PROBLEM TO SOLVE:
Set down all of the records exactly, leaving none out.
------------------------------------------------
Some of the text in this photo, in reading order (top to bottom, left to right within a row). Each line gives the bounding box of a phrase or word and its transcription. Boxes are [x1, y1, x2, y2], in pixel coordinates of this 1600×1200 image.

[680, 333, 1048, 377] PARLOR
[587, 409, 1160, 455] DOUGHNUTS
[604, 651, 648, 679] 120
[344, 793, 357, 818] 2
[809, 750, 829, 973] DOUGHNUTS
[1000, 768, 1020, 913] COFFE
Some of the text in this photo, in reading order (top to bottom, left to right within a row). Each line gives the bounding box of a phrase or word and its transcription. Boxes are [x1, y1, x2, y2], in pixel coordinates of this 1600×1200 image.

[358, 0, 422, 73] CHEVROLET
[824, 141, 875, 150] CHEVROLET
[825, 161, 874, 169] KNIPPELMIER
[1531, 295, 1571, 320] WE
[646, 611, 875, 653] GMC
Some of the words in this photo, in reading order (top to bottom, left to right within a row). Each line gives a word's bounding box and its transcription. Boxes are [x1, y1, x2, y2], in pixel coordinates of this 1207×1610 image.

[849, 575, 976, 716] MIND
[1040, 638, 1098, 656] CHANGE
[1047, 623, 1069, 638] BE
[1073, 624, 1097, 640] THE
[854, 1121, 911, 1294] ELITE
------------------------------------------------
THE COMPLETED TASK:
Some of the text in this photo, in reading order (top to bottom, left to right within a row). Each line gives the bounding box of a phrase or word and its transcription. Boxes are [x1, y1, x2, y2], in pixel coordinates of this 1600×1200 image.

[680, 333, 1048, 377] PARLOR
[587, 409, 1160, 455] DOUGHNUTS
[604, 651, 648, 679] 120
[344, 793, 357, 818] 2
[809, 750, 829, 973] DOUGHNUTS
[1000, 768, 1020, 913] COFFE
Some of the text in this photo, in reading order (top to bottom, left to right within a row). Each line gives the bounding box of a phrase or word and its transcription. Boxes are [x1, y1, x2, y2], in pixel coordinates of this 1600×1200 image.

[358, 0, 422, 73] CHEVROLET
[824, 141, 875, 150] CHEVROLET
[825, 161, 874, 169] KNIPPELMIER
[1531, 295, 1571, 320] WE
[646, 611, 875, 653] GMC
Some of the words in this photo, in reading order (top to bottom, left to right within a row). Each line gives a word's bounding box and its transcription. Boxes are [x1, y1, x2, y2], in pixel coordinates of this 1207×1610 image.

[849, 575, 976, 716] MIND
[1040, 638, 1098, 656] CHANGE
[1047, 623, 1069, 638] BE
[1073, 624, 1097, 640] THE
[854, 1121, 911, 1294] ELITE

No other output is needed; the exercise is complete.